Repository files navigation

PriorGrad-acoustic

This repository is an official PyTorch implementation of the paper:

Sang-gil Lee, Heeseung Kim, Chaehun Shin, Xu Tan, Chang Liu, Qi Meng, Tao Qin, Wei Chen, Sungroh Yoon, Tie-Yan Liu. "PriorGrad: Improving Conditional Denoising Diffusion Models with Data-Dependent Adaptive Prior." ICLR (2022). [arxiv]
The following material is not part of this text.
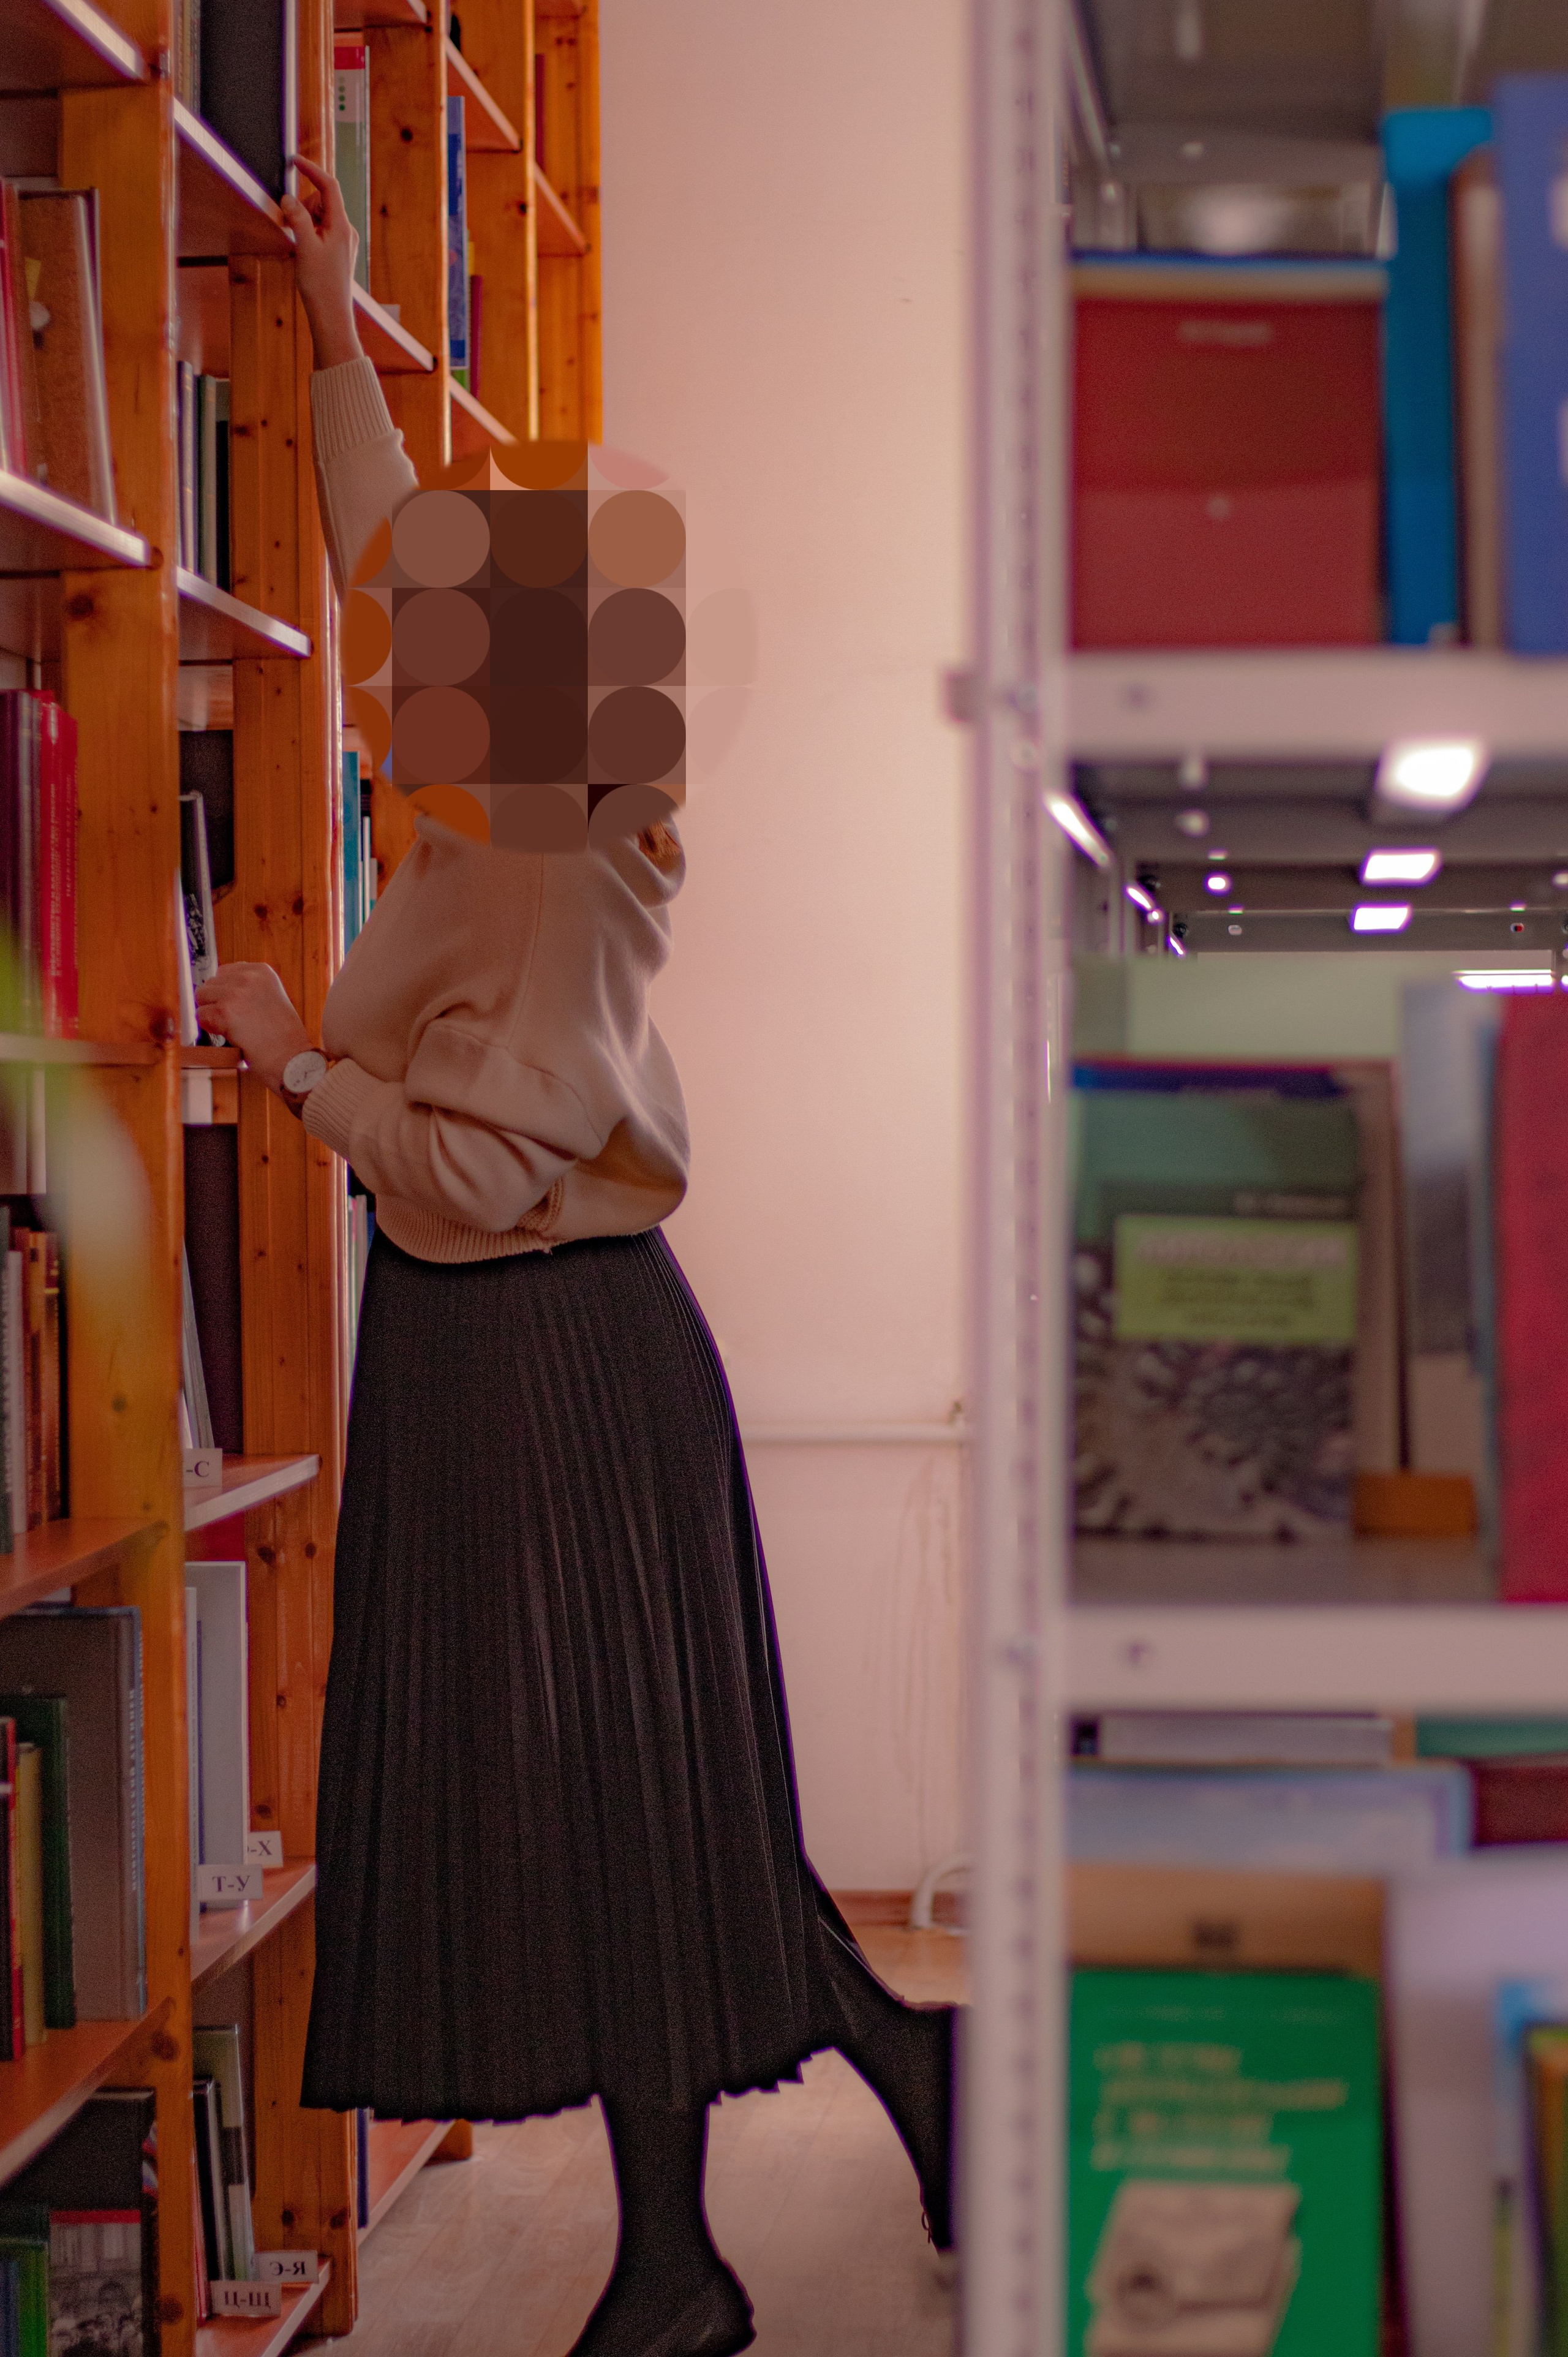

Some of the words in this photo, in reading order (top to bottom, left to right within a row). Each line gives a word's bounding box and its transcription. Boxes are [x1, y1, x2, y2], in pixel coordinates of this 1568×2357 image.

[186, 1460, 209, 1477] -С
[247, 1840, 272, 1856] -Х
[212, 1875, 251, 1892] Т-У
[270, 2261, 306, 2276] Э-Я
This repository contains an acoustic model (text-conditional mel-spectrogram synthesis) presented in PriorGrad. PriorGrad acoustic model features the state-of-the-art audio naturalness for text-to-speech, with fast training and inference speed.

Abstract

Denoising diffusion probabilistic models have been recently proposed to generate high-quality samples by estimating the gradient of the data density. The framework assumes the prior noise as a standard Gaussian distribution, whereas the corresponding data distribution may be more complicated than the standard Gaussian distribution, which potentially introduces inefficiency in denoising the prior noise into the data sample because of the discrepancy between the data and the prior. In this paper, we propose PriorGrad to improve the efficiency of the conditional diffusion model (for example, a vocoder using a mel-spectrogram as the condition) by applying an adaptive prior derived from the data statistics based on the conditional information. We formulate the training and sampling procedures of PriorGrad and demonstrate the advantages of an adaptive prior through a theoretical analysis. Focusing on the audio domain, we consider the recently proposed diffusion-based audio generative models based on both the spectral and time domains and show that PriorGrad achieves faster convergence and superior performance, leading to an improved perceptual quality and tolerance to a smaller network capacity, and thereby demonstrating the efficiency of a data-dependent adaptive prior.

Demo

Refer to the demo page for the samples from the model.

Quick Start and Examples

  1. Navigate to PriorGrad-acoustic root, install dependencies, and initialize submodule (HiFi-GAN vocoder)
    # the codebase has been tested on Python 3.8 with PyTorch 1.8.2 LTS and 1.10.2 conda binaries
    pip install -r requirements.txt
    git submodule init
    git submodule update

Note: We release the pre-built LJSpeech binary dataset that can skip the preprocessing (step 2, 3 and 4). Refer to the Pretrained Weights section below.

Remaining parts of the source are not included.